From the beginning Marjorie instituted a pre-meal ritual where we’d go around the table and everyone would say what he or she was grateful for. The kids hated this. Whether there were six or ten young ones or teens, they’d all say, one after another, in a sing-song voice, “I’m grateful for family and friends.” For a couple of years they were banned from doing this. Now when Michael, 28, says he’s grateful for his sister, Dana, 32, we all go, “awwww.”

I have always dreaded this saying-what-you’re-grateful thing too. For several years I was caring for my mentally and physically deteriorating mother. Yes, I always knew I’m so lucky to have what I have, but that fact of my life kind of soured the picture when I had to put things into words. Likewise, this year I really haven’t been looking forward to it: the kids remain unemployed. The economy is bad. I worry about what will happen when the republicans take over in January 2013.

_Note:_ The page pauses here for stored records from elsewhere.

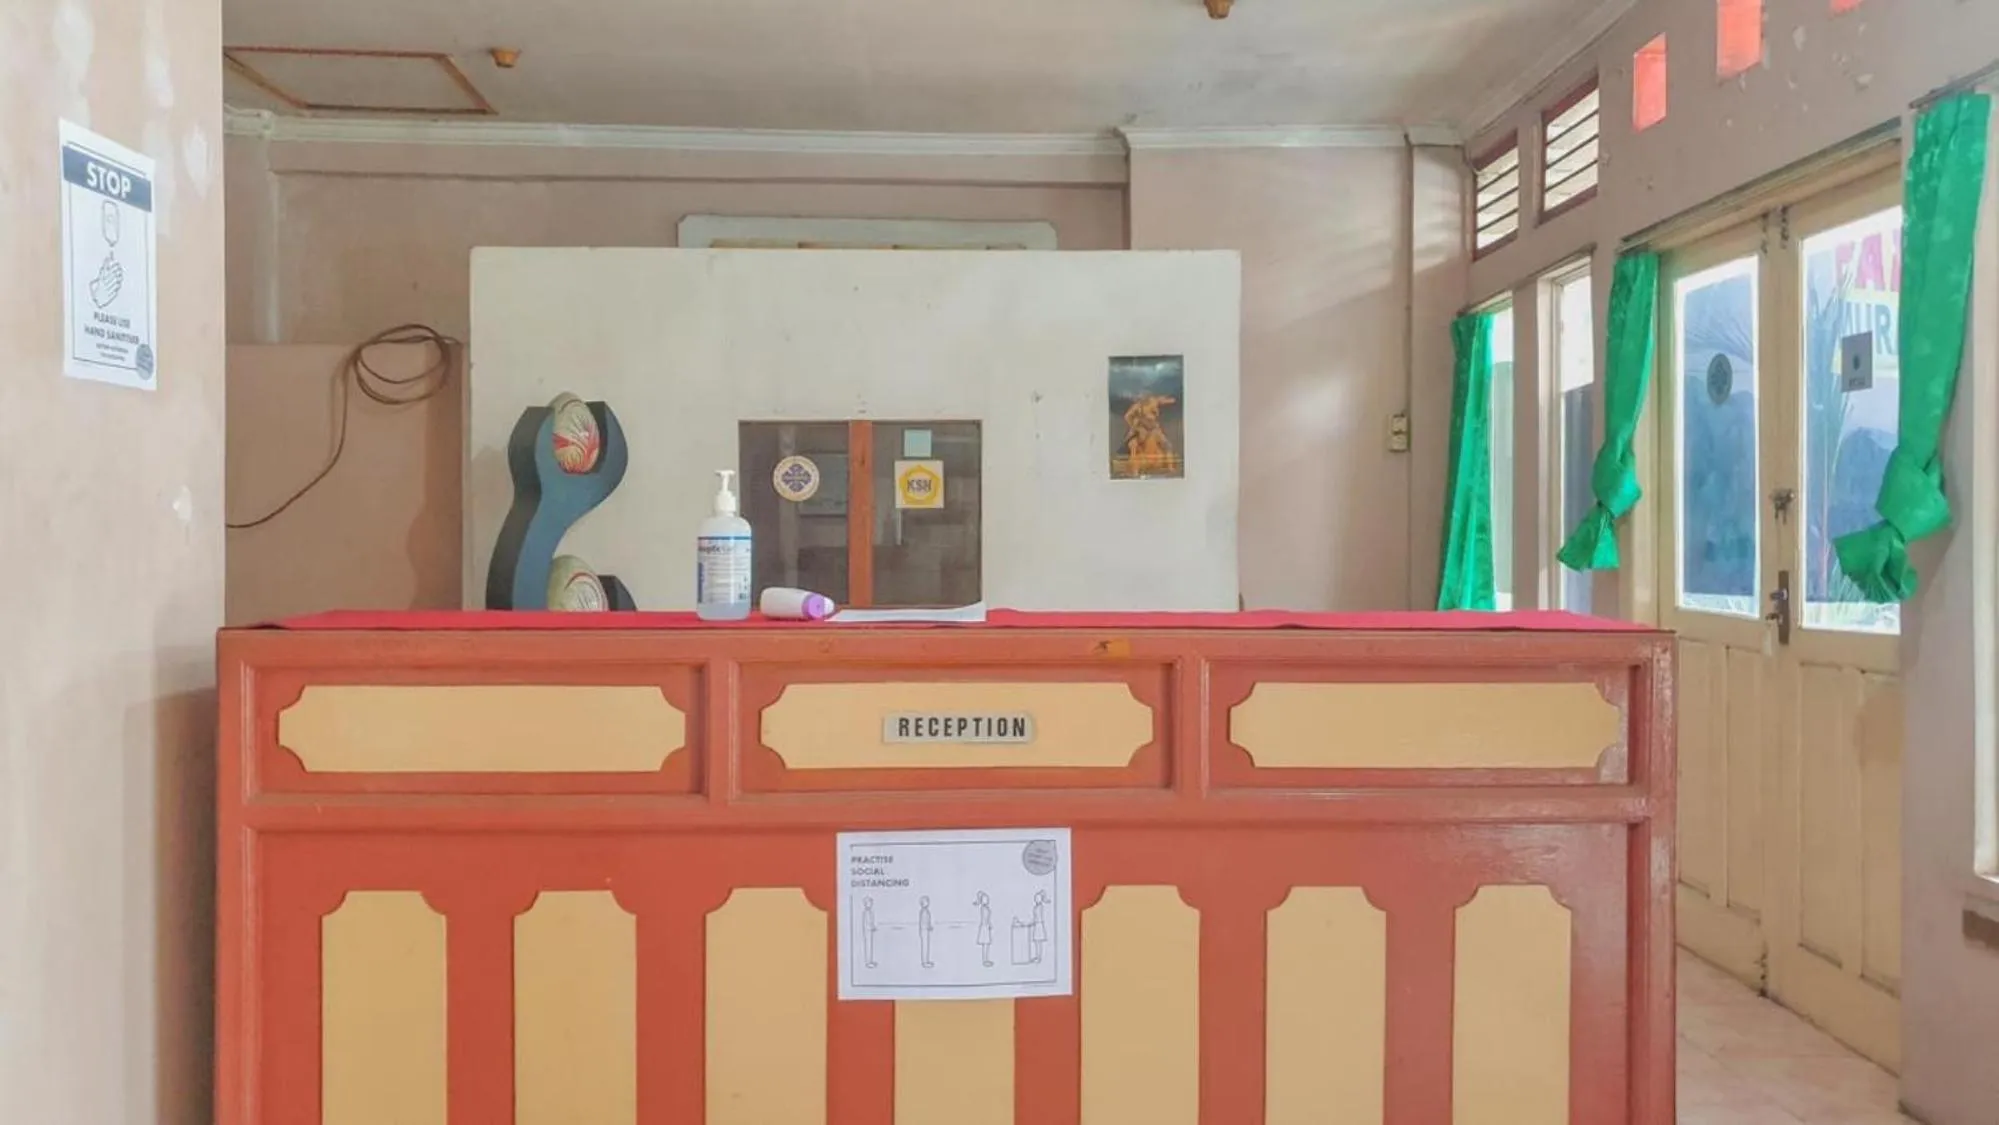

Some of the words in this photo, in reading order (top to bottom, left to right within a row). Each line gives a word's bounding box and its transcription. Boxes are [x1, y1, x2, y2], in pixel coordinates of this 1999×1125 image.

[86, 160, 131, 199] STOP
[898, 717, 1026, 738] RECEPTION
[851, 855, 894, 864] PRACTISE
[851, 867, 885, 876] SOCIAL
[851, 879, 910, 888] DISTANCING

Then a couple of days ago Howard showed me an article in the New York Times about being grateful. Actually, everyone was linking to it on Twitter and Facebook (http://nyti.ms/ruQIQN). According to the research John Tierney gathered, being grateful for things and expressing our gratitude makes us feel better. Tierney writes that as Robert A. Emmons, of the University of California, Davis, advises in his book Thanks, “If you want to sleep more soundly, count blessings, not sheep.” So here’s me doing some gratitude counting. I go from the sublime to the seemingly trivial. But nothing here is small in my life. And, of course, the list is incomplete. The more I think about it, the more I have to be thankful for.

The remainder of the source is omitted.